Die Aufmerksamkeits-Falle

Nie war es für Menschen einfacher, ihrer Umwelt etwas mitzuteilen. Doch Unternehmen, Managern und Institutionen fehlt es oftmals an Relevanz. Und das schadet ihrer Reputation.

Während sich vor ein paar Jahrzehnten Oma Erna mühsam bei Nachbars-Lieschen Gehör verschaffen musste, um ihren neusten Dorf-Klatsch loszuwerden, wäre ihr heutzutage in den Sozialen Medien sofort eine Menge Aufmerksamkeit von tausenden Ohren garantiert. Und das gilt nicht nur für Oma Erna, denn unabhängig von Relevanz oder Qualität, neigen wir mittlerweile in unserer Aufmerksamkeits-Republik dazu, jedem alles mitzuteilen. Doch eines hat sich im Kommunikationsverhalten gegenüber Oma Erna geändert: irgendwer hört immer zu.

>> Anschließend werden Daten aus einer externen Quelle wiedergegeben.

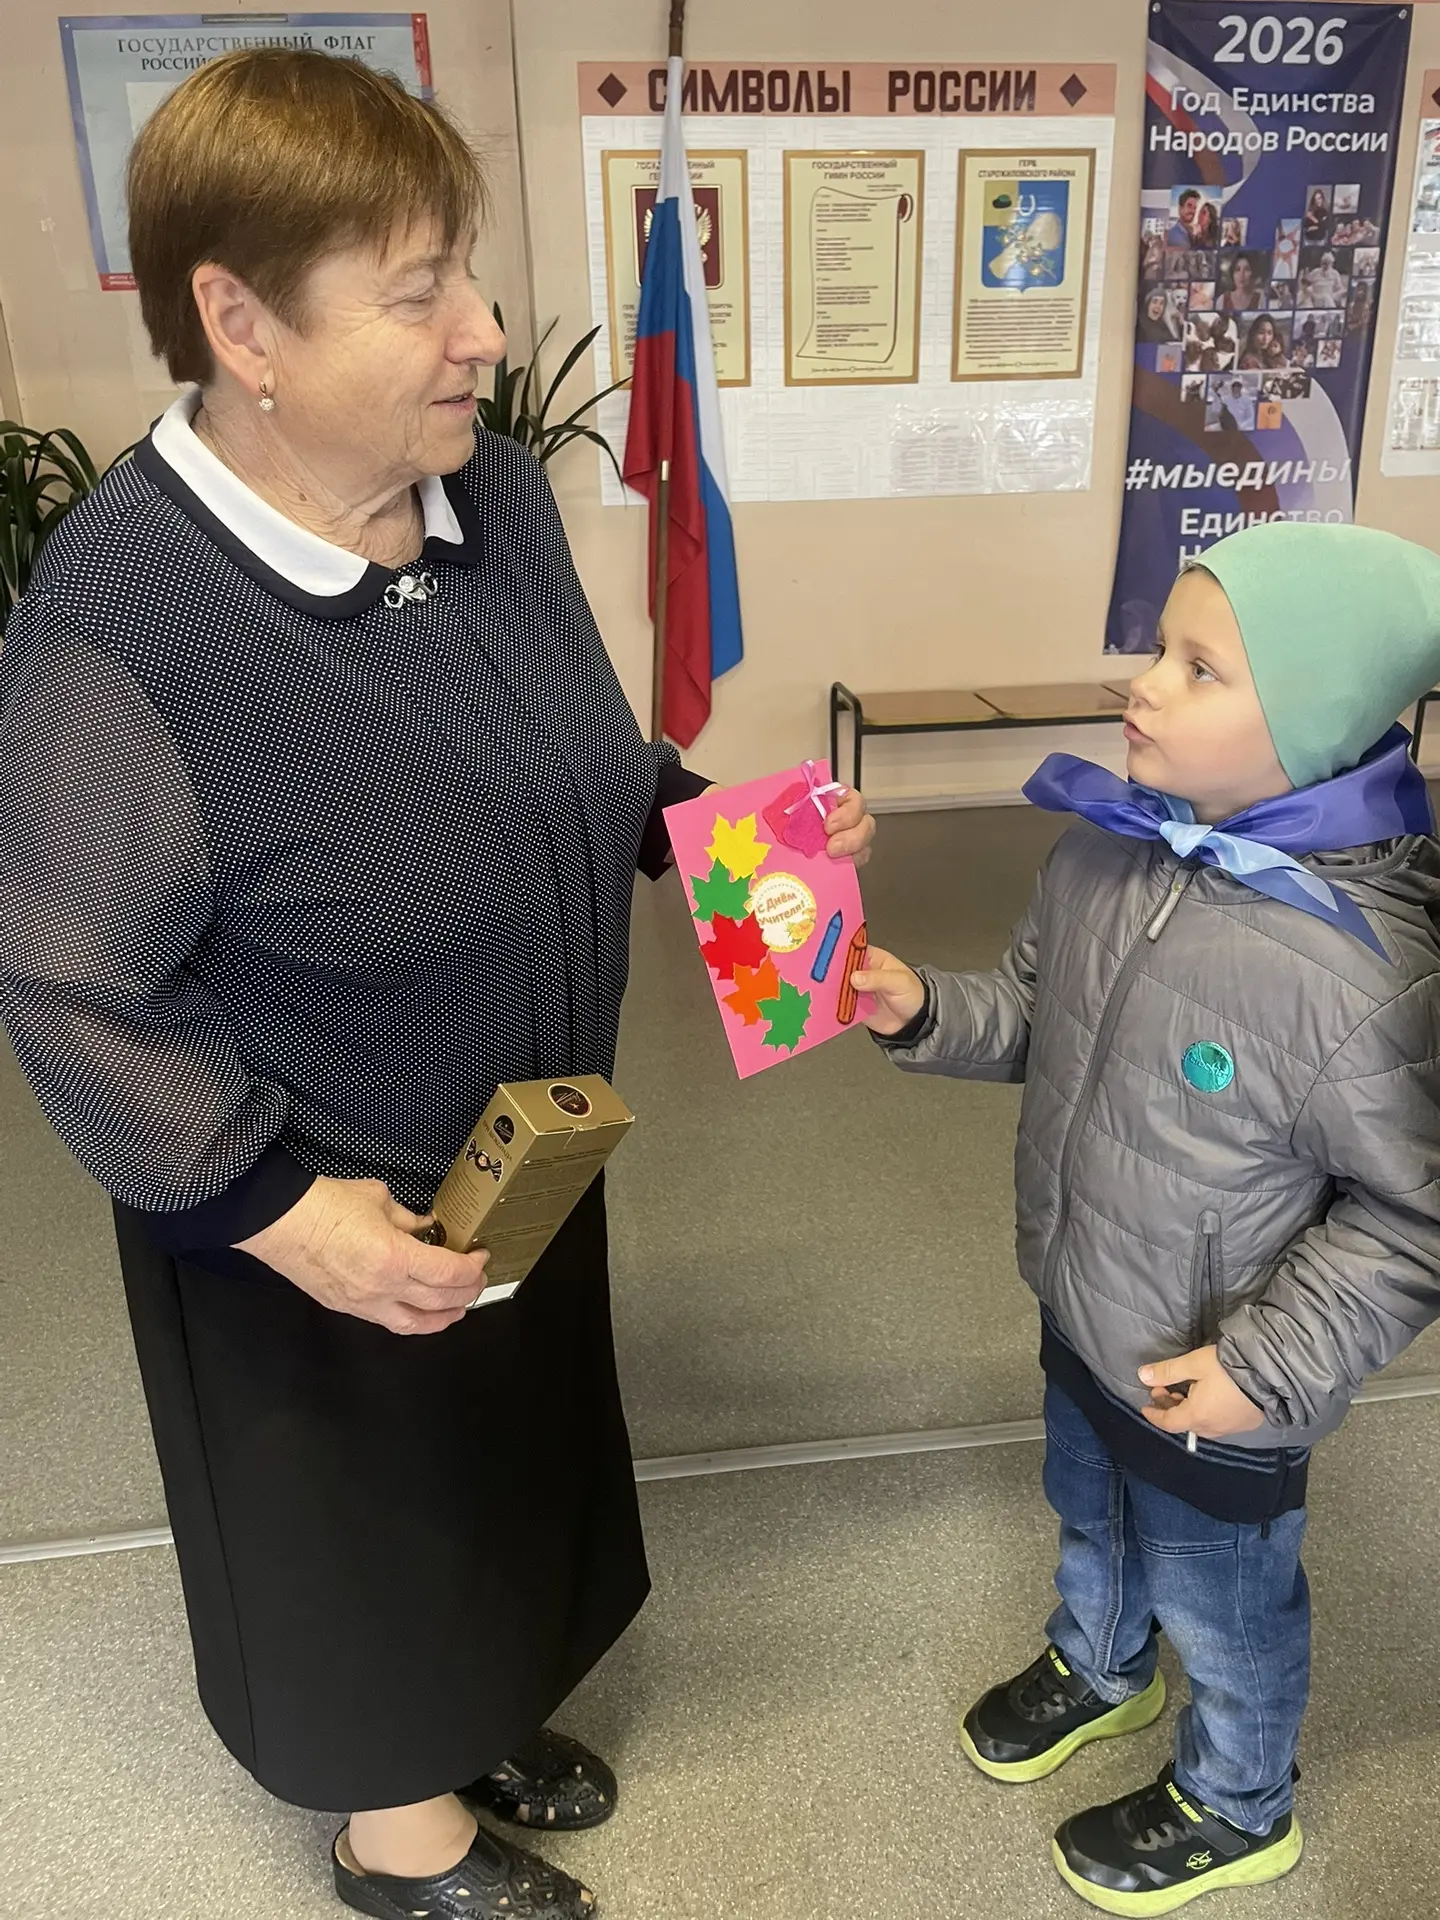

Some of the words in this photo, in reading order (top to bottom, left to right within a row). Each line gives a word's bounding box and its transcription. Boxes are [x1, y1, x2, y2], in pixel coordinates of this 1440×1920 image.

VW-Chef Herbert Diess treibt es auf LinkedIn genauso wild wie Impf-Skeptiker auf Telegramm. Die eigenen Botschaften, Erlebnisse, Überzeugungen und Weltanschauungen werden publikumsgerecht gepostet. Was Unternehmen und ihre PR-Abteilungen für Imagepflege, Themenplatzierungen oder CEO-Profiling nutzen, wird im privaten zur Mitteilung von Alltagserlebnissen bis hin zu persönlichen Meinungsmitteilungen. Fakten Check, journalistische Recherche oder Einordnung bleiben aufgrund der schieren Masse an gesendeten Botschaften außen vor.

Missverstandene Transparenz

Während der Ruf nach mehr Transparenz in Unternehmen und Politik immer größer wird, reagieren die Beschuldigten mit mehr und mehr Sendungsintensität. Doch führt diese Zunahme an bewussten Botschaften nicht zu mehr Transparenz, sondern im Gegenteil zu mehr Problemen. Täglich werden missratene Social Media Posts hochgenommen, Online-Fehltritte breitgetreten. Jüngstes Beispiel vom ehemaligen BILD-Chefredakteur Julian Reichelt, der versuchte die Corona-Politik in der deutschen Bahn bloßzustellen. Shitstorm inklusive. Doch vermutlich war der einkalkuliert, der Aufmerksamkeit wegen.

Für Unternehmen, Institutionen, aber auch Privatpersonen sind die gängigen sozialen Netzwerke vielerorts zur Sucht geworden. Eingedrungen in der gewünschten sozialen Blase, passen die Meinungen überein und Aufmerksamkeit für das Gesagte ist garantiert. Diese Anerkennung aus der eigenen Blase befeuert die Gier nachzulegen, für mehr Klicks und Likes. Und schon entsteht eine Aufmerksamkeits-Falle die schnell zur Aufmerksamkeits-Sucht wird.

Relevanz!

Wer professionell kommunizieren möchte, sollte daher immer die Relevanz-Frage stellen und damit seine eigene Botschaft hinterfragen. Das gilt für DAX CEOs genauso wie für Mittelständler oder gemeinnützige Vereine.